I went to see a 16.2 gelderlander "schoolmaster", sweet enough chap on the ground, the owner trotted him round the arena twice (plenty of spooking at jumps, shadows, pretty much everything) and said "do you want to hop on?", I thought "sod it" and rode him round for 5 mins in walk and trot then asked for canter, inciting an almighty buck and bronc-bronc-bronc down the long side. She then screamed at me not to canter away from the arena gate as he won't do that, to get off her horse before I "ruined" it and accused me of wasting her time by just coming to joyride! Not to mention that this was a second horse I was looking for - why would I drive for an hour to ride someone elses horse when I have another of my own at home?! Psycho woman!


----------



## HeatherAnn (17 September 2011)

I'm new to the horse thing, but am smart enough to know when something's not right.
I used to work on a yard that my friend owned, she had liveries there and she also bought horses from dealers to sell on, break or re school. 
I don't want to name names or go too much into detail incase anyone knows the horse/people involved. 
Anyway, she bought a horse from a dealer, this mare had a passport. She was the strangest looking horse I've ever seen, like she just didn't look like her breed. The girl I worked for mentioned that the horse's passport was wrong, I had a look and basically, all the markings were correct and any whirls she had were right but the freezemark was different to the horse's freezemark. To cut a long story short, the girl tried to reschool the mare and found she was awful to ride and sold her to a family, who within 3 days brought her back complaining about the passport and they had done research on the horse's freezemark rather than the one on the passport and had found out that the horse was about 19 years old. They gave the horse back and threatened to take legal action, so my boss sold the horse on as quickly as she could. It was so bizarre.


----------



## vickyb (17 September 2011)

I had been asked by a friend who was not horsy to help look for a pony for her 9 year old daughter. I went to see a pony advertised locally, parked outside and knocked at the door. The woman who answered looked at me suspiciously and said "Have you brought your mummy with you?" I was 22 at the time, so young enough to be truly insulted! I don't know how she thought I had got there! Anyway, we went to see the pony, stabled in the back garden. No facilities to try it, but I asked to see it trotted up in hand on the road. The minute the woman's daughter got it out in front of the house it took off with her down the street. As they were disappearing down the road you can guess what the mother said. "Oh, its never done that before." So that was no good. The next one I saw was advertised as 14.2, but when I got there it was closer to 12.2. The owner (who knew horses and should have known better) argued the toss, and just wouldn't have it that it was not as advertised. I love these stories that other people have put - make my experiences pale into insignificance!


----------



## abina (17 September 2011)

Went to view a 11.2hh sec A mare - lovely pony no problems at all, and when asked why pony was for sale - expecting the usual  Child outgrown story - was told that the daughter had said to mum that she didn't want a pony anymore and could she have a rabbit instead !! 

It did make me giggle 


Hippy Dippy is a fantastic story - I would be tempted to have gone back the next day just for the crack !!


----------



## Cobiau Cymreig Wyllt (17 September 2011)
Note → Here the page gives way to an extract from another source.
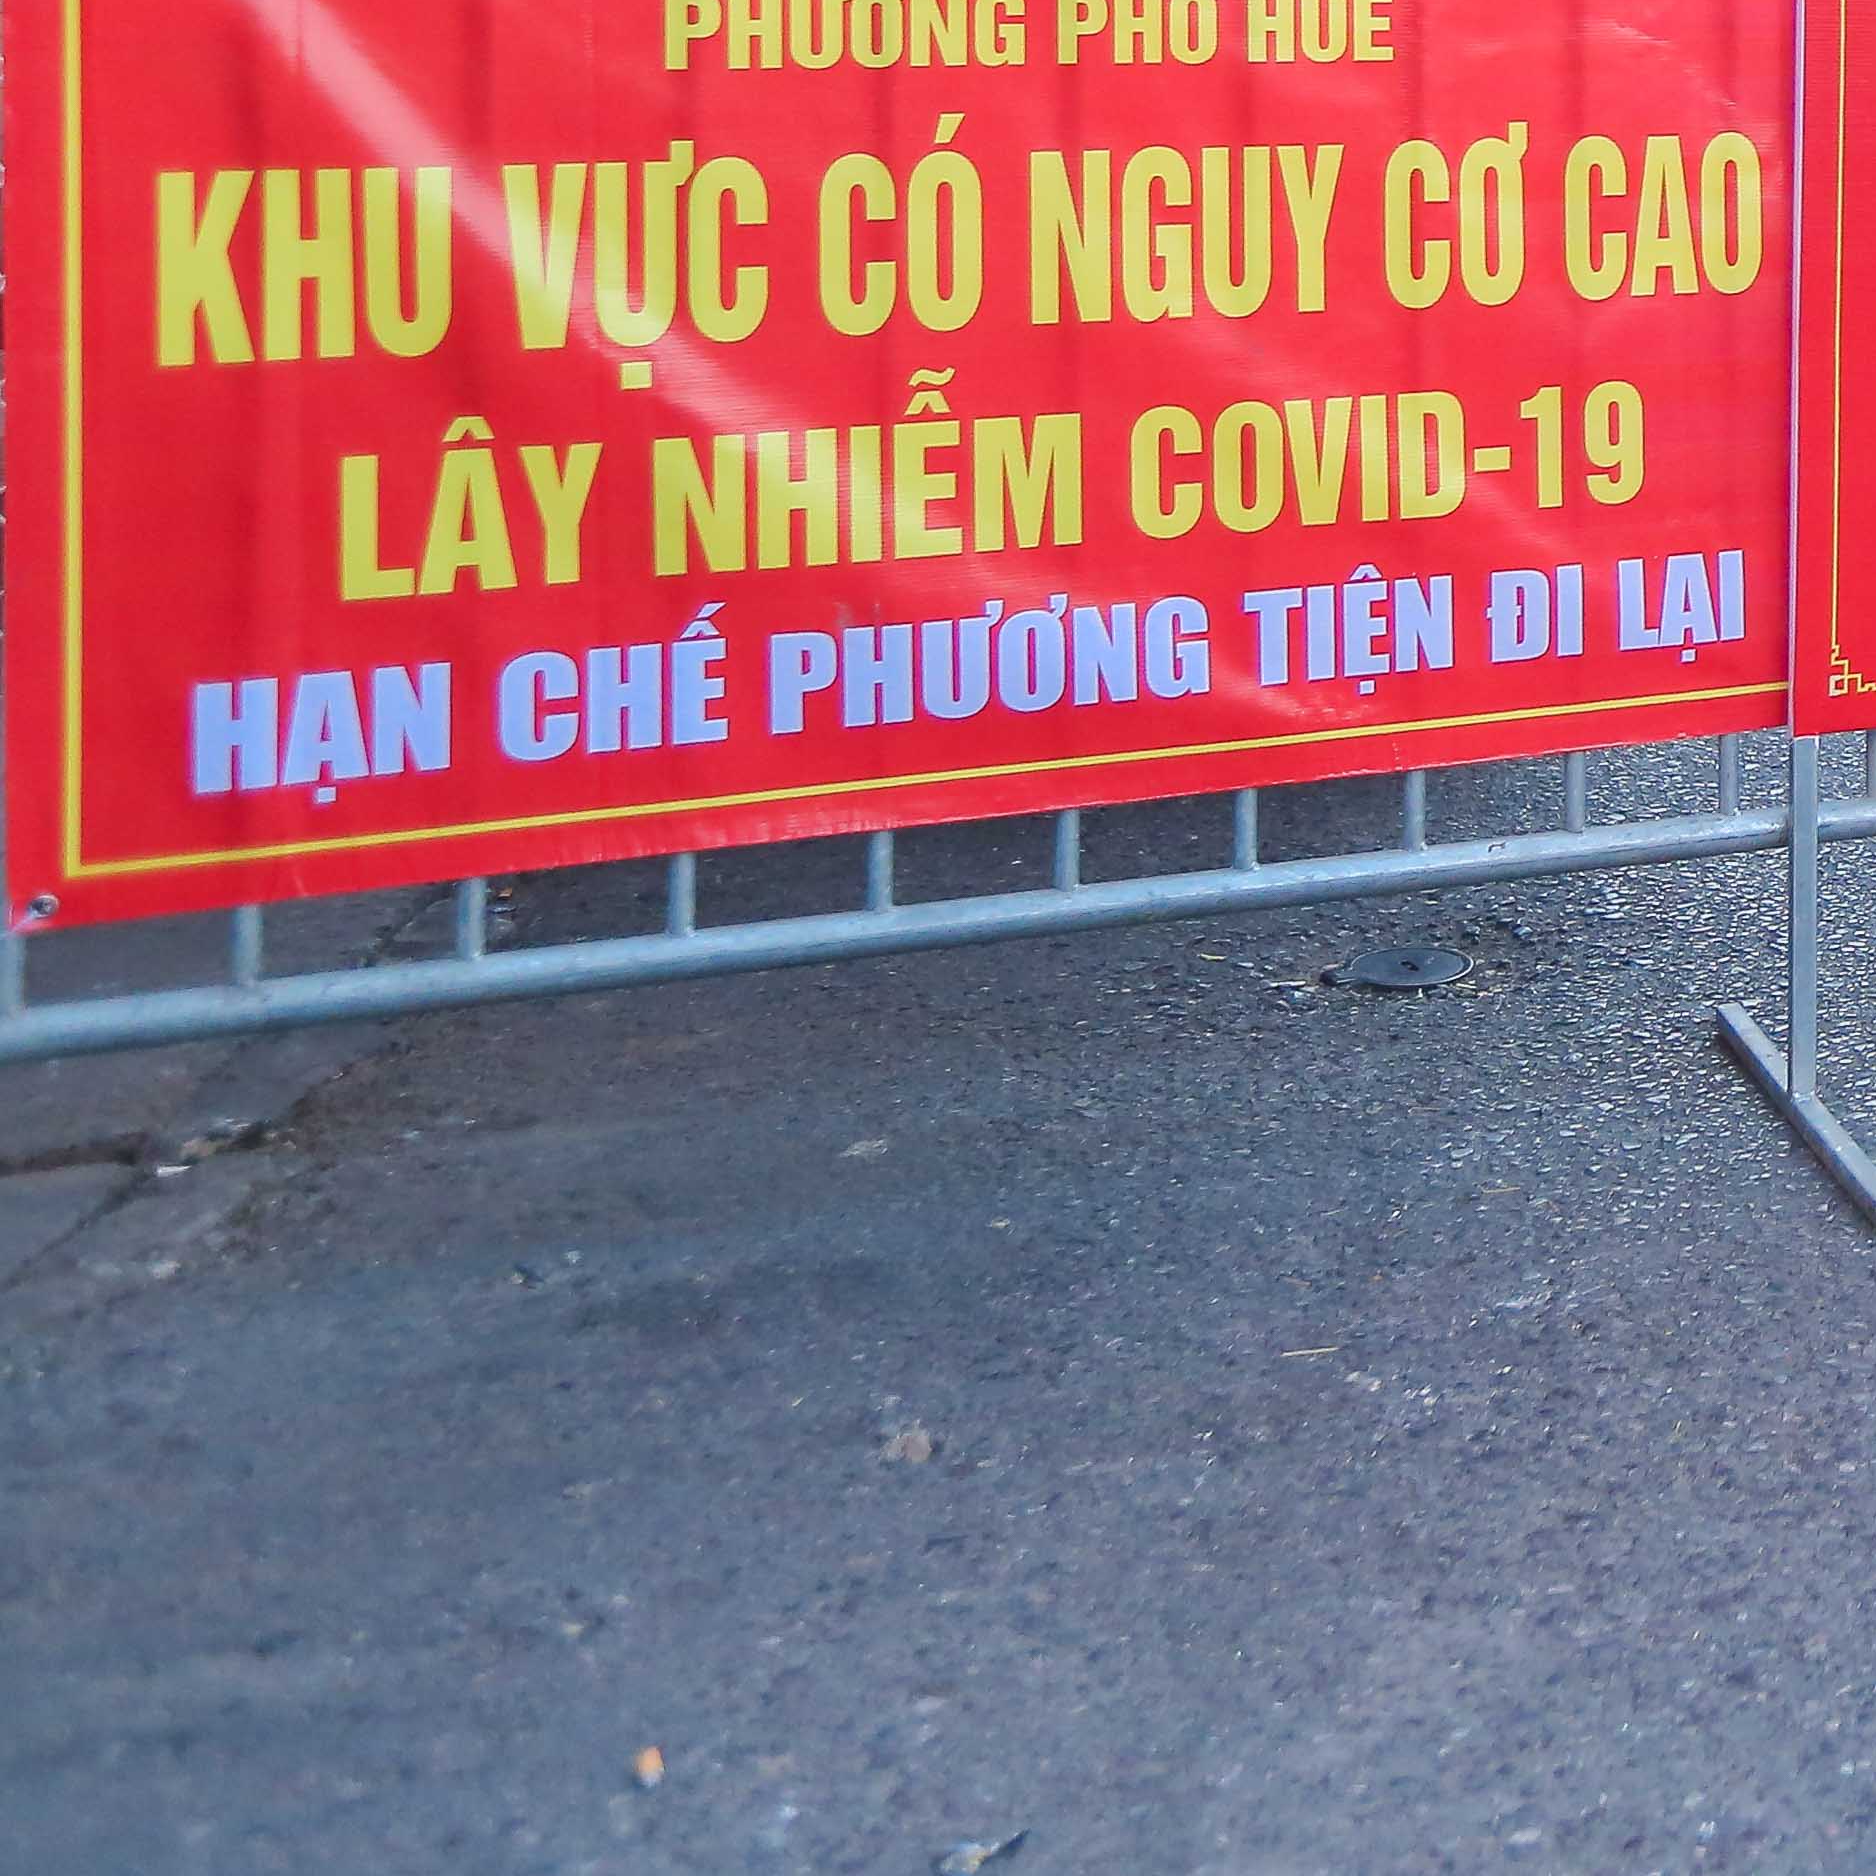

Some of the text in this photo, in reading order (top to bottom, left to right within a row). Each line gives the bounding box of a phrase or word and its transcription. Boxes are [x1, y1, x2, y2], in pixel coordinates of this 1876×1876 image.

[156, 113, 1764, 391] KHU VỰC CÓ NGUY CƠ CAO
[339, 368, 1646, 602] LÂY NHIỄM COVID-19
[191, 549, 1746, 804] HẠN CHẾ PHƯƠNG TIỆN ĐI LẠI
I went with a friend to view a horse in Ireland...advertised as 'riding quiet'...horse was tied up and visibly shrank away from the man showing him to us as we approached. (Not so much headshy, more whole-body-shy...). He then spent ages desperately trying to scan the microchip to show us that he was indeed the horse in the passport..we then passed rows of sad looking ponies and sadder looking kids..the whole family took us in the school where the 9 year old boy proceeded to hare round a set on jumps on the poor horse which was not so much forward-going over the jumps as bloomin'well in fear of his life...(after first screaming at his mam to 'get that dog out, get the dog out' - hmm, perhaps the horse didn't like dogs?). Horse was also not so much a careful jumper as desperate to get his legs as clear as possible over the poles (rapped at all??!!). They then asked my friend if she'd like to ride him and boy was that a different story..my friend can ride and has ridden many a problem horse..this thing was a whole heap of handful underneath her...she declined to jump him unsurprisingly, we made our excuses and left...despite this the sellers phoned us several times on our way back to the ferry and begged us to buy him! We've overused the phrase 'riding quiet' with heavy irony whenever a horse has misbehaved since!


----------



## H's mum (17 September 2011)

OMG too many to even contemplate but the funniest was the one where I travelled 2-3 hours to see a potential show cob... and when we got there we couldn't get within 20 yards of the horse because they'd just concreted IN FRONT of it's stable! LMAO!   They then tried to sell us something else, my friend dutiful rode it but I didn't even get on it as it was a hat rack and nothing like what I was looking for!
Kate x


----------



## spookypony (17 September 2011)

Well, not so much a pony-viewing story as general dodgy circumstances...person I got the Spooky Pony from had bought him from a dealer as "well-schooled child's competition prospect, 6yo", for rather silly money. The child in question never rode him, and I took him on loan after he'd been hanging about a field unridden for about a year or more, and hadn't been caught in some time. Got dumped in a mud puddle the first time I sat on him. All vets that have looked at his teeth since, suspect that he's rather younger than his passport claims...it was filled out just before the lady bought him, and claims he's an inch taller, too.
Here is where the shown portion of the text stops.